I was watching the movie ‘A Clear and Present Danger’ and it came to me. We have no hero’s. Wouldn’t it be great if someone in the U.S. government stood up, and gave us an honest, truthful perspective on things, while standing on a morally grounded position. Someone who you would know, in your heart, was telling the truth. Not from some paid for perspective, not from some religiously biased, self-rightistness. No Spin doctoring, but from truth, simple truth.

Watching movies makes me fantasize about a better world, movies like ‘An American President’ or ‘Dave’ or maybe even like the ‘West Wing’

Someday the truth will be a wonderful thing to behold.

Globalization and Irish Culture

My last rant spoke of the tourist trade in Ireland and the rip off label that Ireland has acquired. And it really speaks a great deal more about why tourism happens in Ireland. I always though of Ireland as a ‘quaint’ rural culture. Small villages, friendly local pubs laid back friendly people. And that’s what draws in the tourist.

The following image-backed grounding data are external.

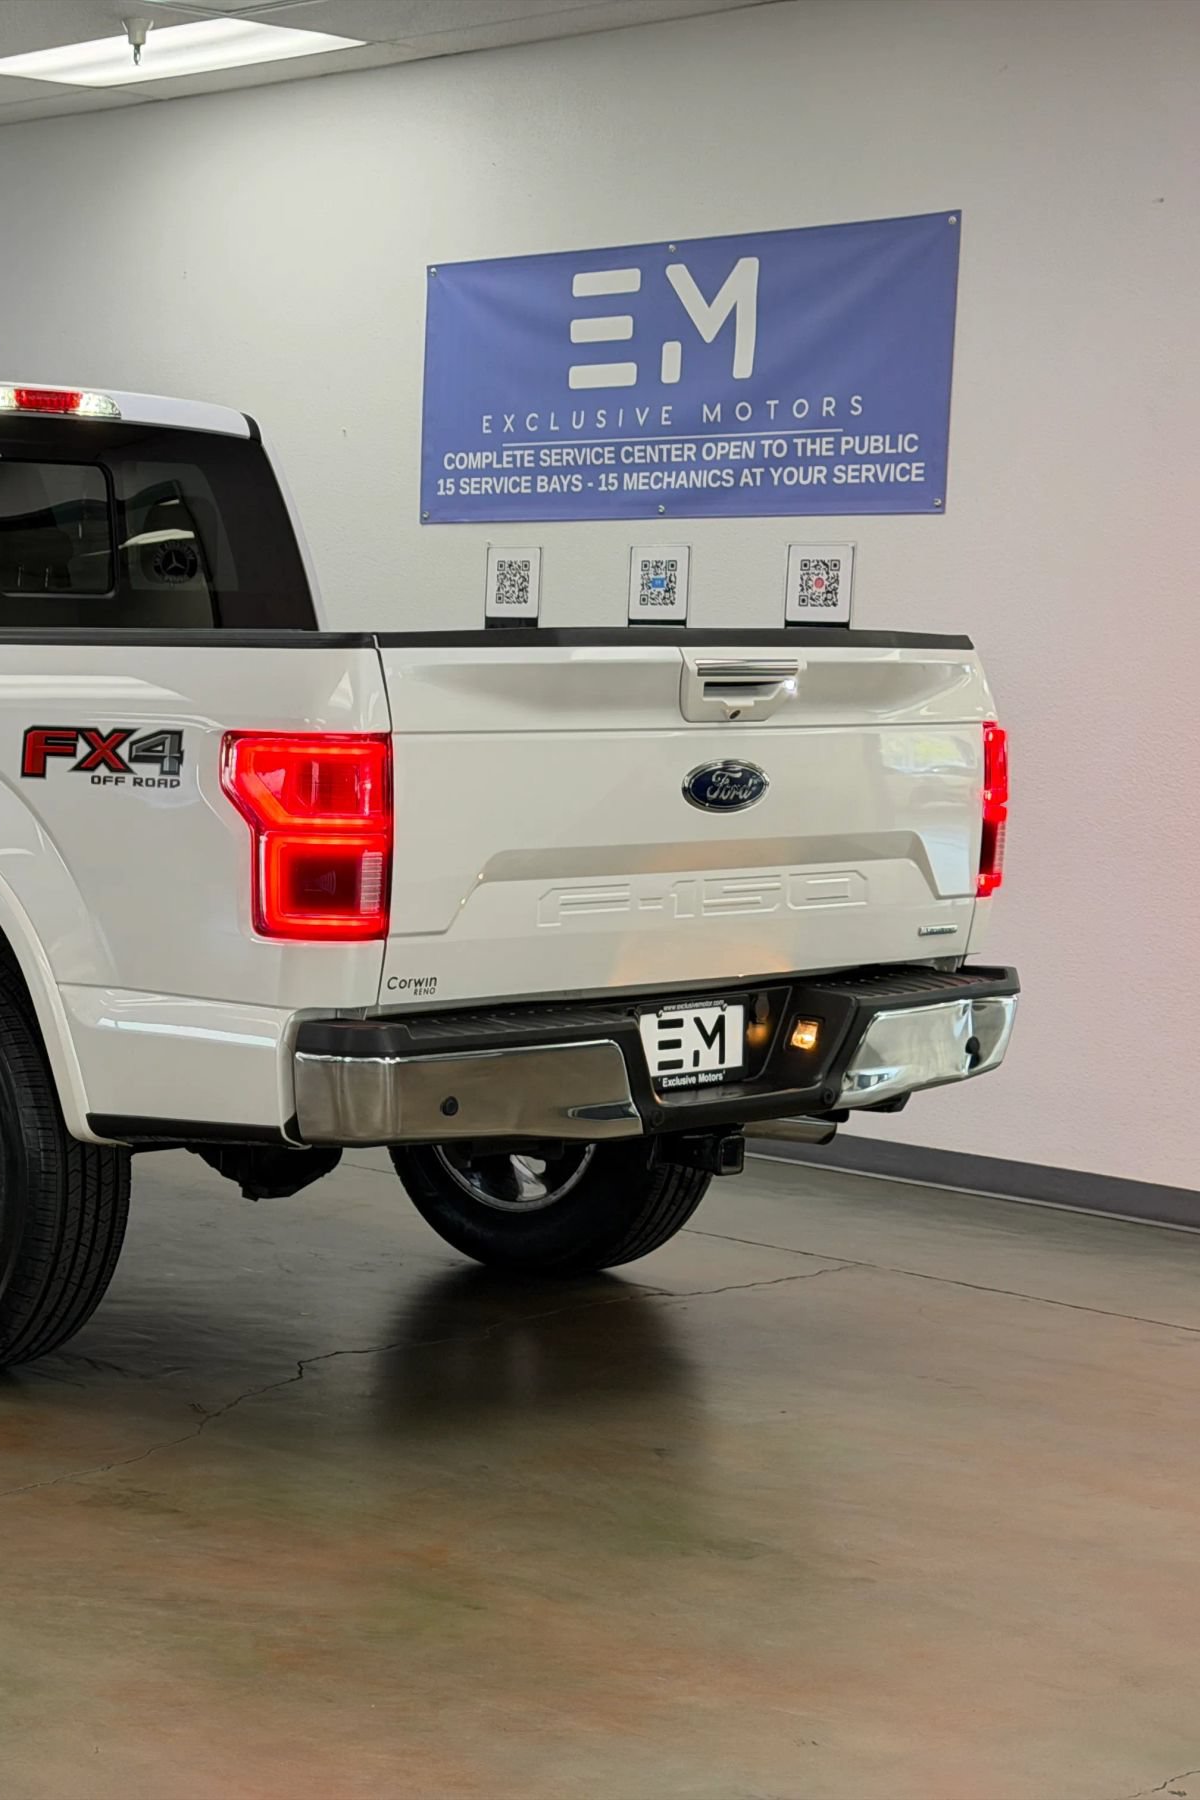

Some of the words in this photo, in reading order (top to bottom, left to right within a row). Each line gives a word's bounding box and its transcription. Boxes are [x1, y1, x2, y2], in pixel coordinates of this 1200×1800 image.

[569, 257, 759, 389] EM
[482, 405, 673, 434] EXCLUSIVE
[702, 395, 863, 424] MOTORS
[443, 450, 535, 471] COMPLETE
[538, 446, 616, 467] SERVICE
[620, 443, 697, 465] CENTER
[701, 440, 756, 462] OPEN
[761, 438, 788, 459] TO
[793, 436, 835, 457] THE
[840, 433, 920, 456] PUBLIC
[436, 478, 455, 496] 15
[458, 476, 532, 496] SERVICE
[536, 473, 583, 493] BAYS
[597, 471, 618, 492] 15
[623, 468, 735, 491] MECHANICS
[738, 467, 765, 488] AT
[769, 465, 828, 487] YOUR
[832, 461, 926, 485] SERVICE
[21, 725, 185, 780] FX4
[90, 774, 126, 786] OFF
[133, 776, 181, 789] ROAD
[706, 770, 753, 801] Ford
[537, 869, 868, 928] F-150
[386, 976, 438, 991] Corwin
[413, 987, 436, 996] RENO
[657, 1014, 726, 1072] EM
[662, 1075, 697, 1088] Exclusive
[698, 1072, 724, 1084] Motors

They are reminded of simpler times, less hectic, and frankly less Mad.

And now here is the rub, the Irish government long ago established laws to help prevent the local shops and farmers from being put out of business by large food chains, fast food shops and multi-national corporations. But the outcome of this, is that while some of the small shop owners are protected the large chains are using the protection to increase profits generated by their bulk purchase power to expand into every little town. There was even a law to prevent large furniture stores like Ikea by preventing the construction of the giant buildings Ikea is so fond of.

This all gets back to the globalization issue, the Irish public want cheaper prices, it needs tourist, wants the vast choices that the Multi’s offer. But are also interested in preserving the Irish way of life, the one the tourist want to remember.

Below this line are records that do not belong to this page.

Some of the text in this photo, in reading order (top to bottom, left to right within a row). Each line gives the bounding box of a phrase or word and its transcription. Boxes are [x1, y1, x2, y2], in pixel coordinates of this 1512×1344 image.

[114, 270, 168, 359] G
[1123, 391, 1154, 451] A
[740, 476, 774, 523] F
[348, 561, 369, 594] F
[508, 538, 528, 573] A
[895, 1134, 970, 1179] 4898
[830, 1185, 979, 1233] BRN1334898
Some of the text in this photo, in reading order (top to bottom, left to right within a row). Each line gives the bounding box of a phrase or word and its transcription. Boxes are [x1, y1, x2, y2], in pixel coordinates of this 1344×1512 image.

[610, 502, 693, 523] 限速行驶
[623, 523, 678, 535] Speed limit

Thus hangs the dilemma. To get a less ‘rip off’ Ireland, Ireland will have to give up Irish culture, and the Tourist trade.

Frankly when I came here more than three years ago, I missed the American choices and prices, and I wasn’t an anti-globalization person. But I am now, why travel to other countries, and see new places if they all look alike? None! Where’s the Crack in that? I’d rather live in the Old Ireland, the one shown in ‘The Quiet Man’, ‘Waking Ned Devine’ and the ‘Matchmaker’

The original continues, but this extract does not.